No Brasil, em 12/4/2012, o Supremo Tribunal Federal (STF) decidiu, por 8 votos a 2, no julgamento da Arguição de Descumprimento de Preceito Fundamental nº 54 (ADPF 54) proposta, em 2004, pela Confederação Nacional dos Trabalhadores da Saúde (CNTS), que a interrupção terapêutica da gravidez de feto anencefálico não é crime. Antes desta decisão, as mulheres precisavam de autorização judicial, que poderia levar alguns meses, para realizar o procedimento.
O Código Penal de 1940, que tipifica o aborto como crime contra a vida, não elencou a gestação de feto com má-formação e sem possibilidade de vida fora do útero entre as exceções em que o aborto não é crime. Foi preciso que o STF reconhecesse que não há conduta criminosa na interrupção da gravidez de feto anencefálico; com impossibilidade de vida.
A sustentação oral foi feita pelo advogado Luís Roberto Barroso, atualmente ministro do STF, que não deixou de se referir à condição feminina que “atravessou muitas gerações em busca de igualdade, em busca do reconhecimento de seus direitos fundamentais” e ao direito da mulher de não ser tratada como “um útero à disposição da sociedade”.

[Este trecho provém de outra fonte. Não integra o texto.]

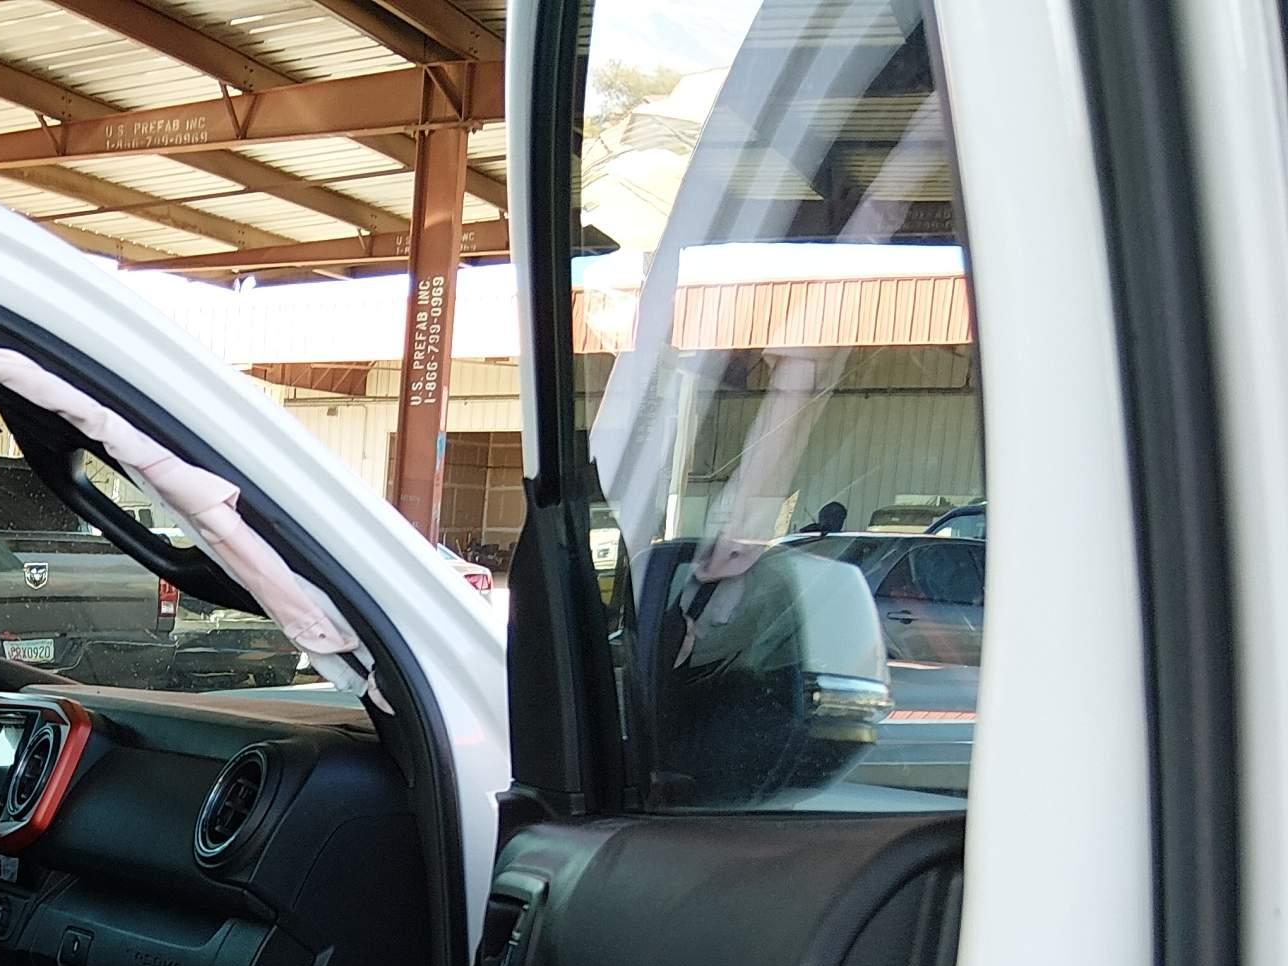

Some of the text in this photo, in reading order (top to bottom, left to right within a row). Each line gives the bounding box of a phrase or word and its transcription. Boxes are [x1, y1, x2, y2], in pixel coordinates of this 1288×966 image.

[133, 119, 181, 136] PREFAB
[412, 311, 429, 370] PREFAB
[424, 275, 445, 405] 1-866-799-0969

Estudos da Fiocruz apontam que a tipificação do aborto no Código Penal Brasileiro não impede sua prática. O aborto inseguro reconhecido como um problema de saúde pública na Conferência Internacional sobre População e Desenvolvimento (Cairo/1994) é praticado, sobretudo por mulheres de baixa renda. O abortamento é a 5ª causa de morte materna no país.
* moreiraVIVIANE C. MOREIRA é advogada em Belo Horizonte (MG)
Blog: www.balaiodavivi.blogspot.com
Facebook: https://www.facebook.com/viviane.c.moreira.5
* O Segundo Sexo, Simone de Beauvoir (História, vol. 1, p. 180-181 – Ed. Nova Fronteira).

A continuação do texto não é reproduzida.